Set down the entries below exactly, leaving out all images.

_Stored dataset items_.
_ _ _ _ _ _ _

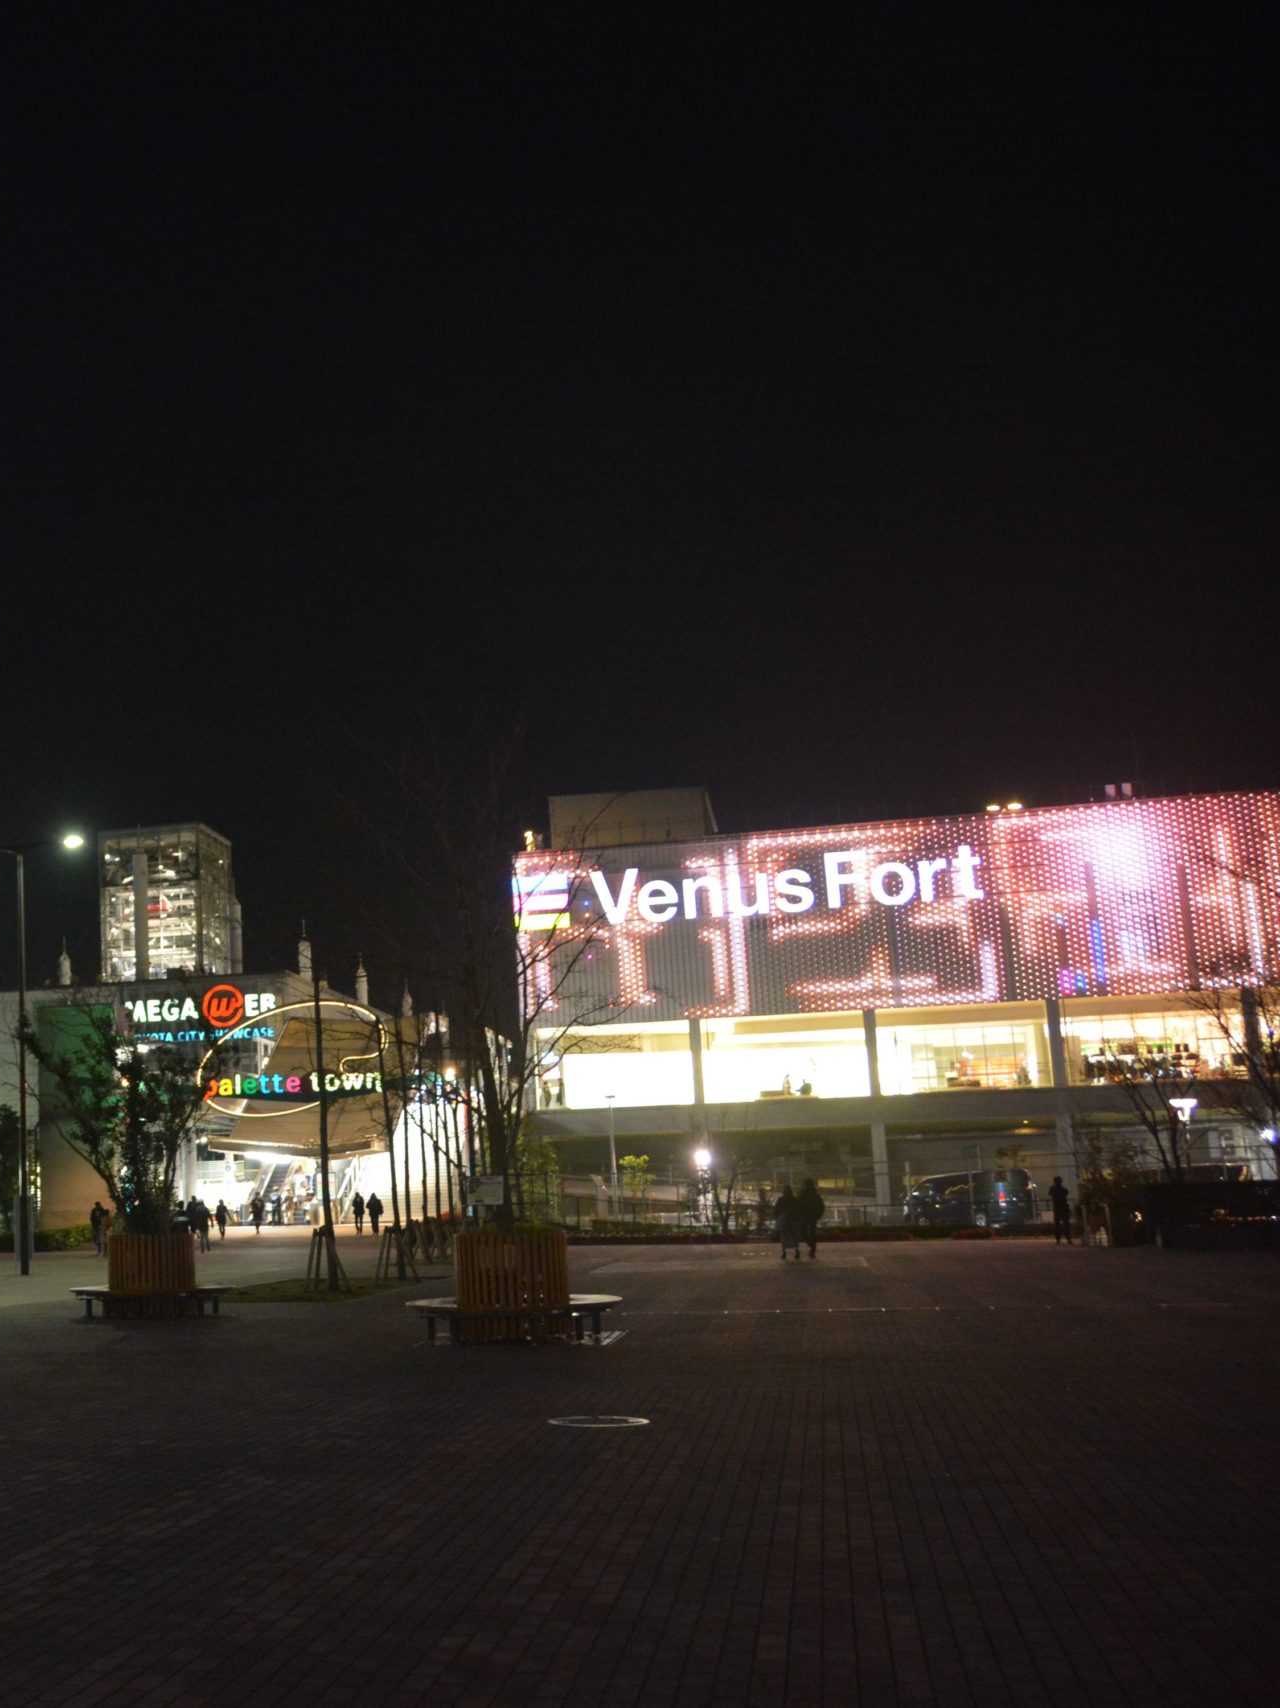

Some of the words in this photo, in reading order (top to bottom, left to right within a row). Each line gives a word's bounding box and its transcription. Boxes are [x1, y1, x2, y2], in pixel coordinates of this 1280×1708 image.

[590, 867, 816, 925] Venus
[823, 844, 985, 909] Fort
[124, 996, 199, 1023] MEGA
[177, 1030, 205, 1042] CITY
[309, 1071, 383, 1093] town
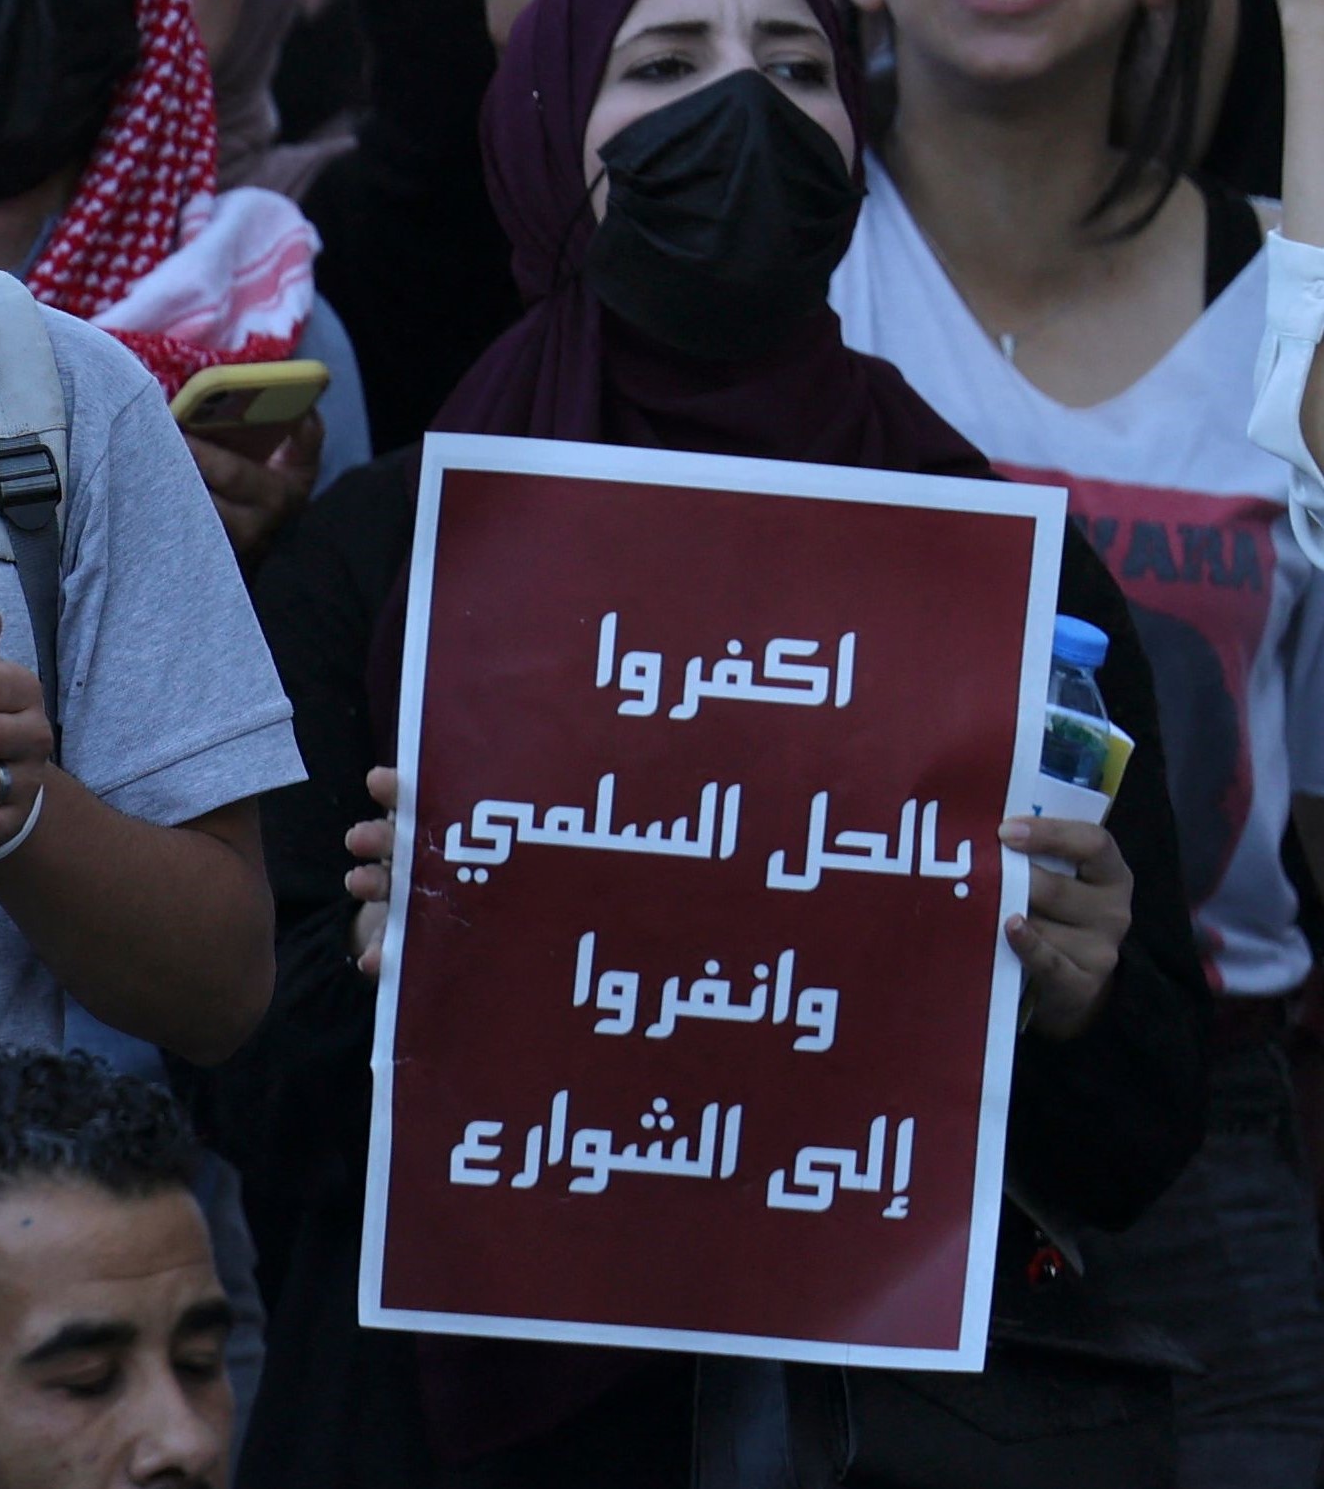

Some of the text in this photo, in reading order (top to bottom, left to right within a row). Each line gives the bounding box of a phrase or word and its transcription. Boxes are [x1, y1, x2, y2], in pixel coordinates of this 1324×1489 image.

[595, 611, 856, 720] اكفروا
[443, 773, 972, 898] بالحل السلمي
[573, 931, 839, 1052] وانفروا
[449, 1090, 914, 1219] إلى الشوارع

_ _ _ _ _ _ _

_ANSWER SECTION_.
Some of the words in this photo, in reading order (top to bottom, left to right within a row). Each line gives a word's bounding box and its transcription. Boxes are [x1, y1, x2, y2], in pixel coordinates of this 1280×1708 image.

[590, 867, 816, 925] Venus
[823, 844, 985, 909] Fort
[124, 996, 199, 1023] MEGA
[177, 1030, 205, 1042] CITY
[309, 1071, 383, 1093] town

Some of the text in this photo, in reading order (top to bottom, left to right within a row). Each line gives the bounding box of a phrase or word and its transcription. Boxes are [x1, y1, x2, y2], in pixel coordinates of this 1324×1489 image.

[595, 611, 856, 720] اكفروا
[443, 773, 972, 898] بالحل السلمي
[573, 931, 839, 1052] وانفروا
[449, 1090, 914, 1219] إلى الشوارع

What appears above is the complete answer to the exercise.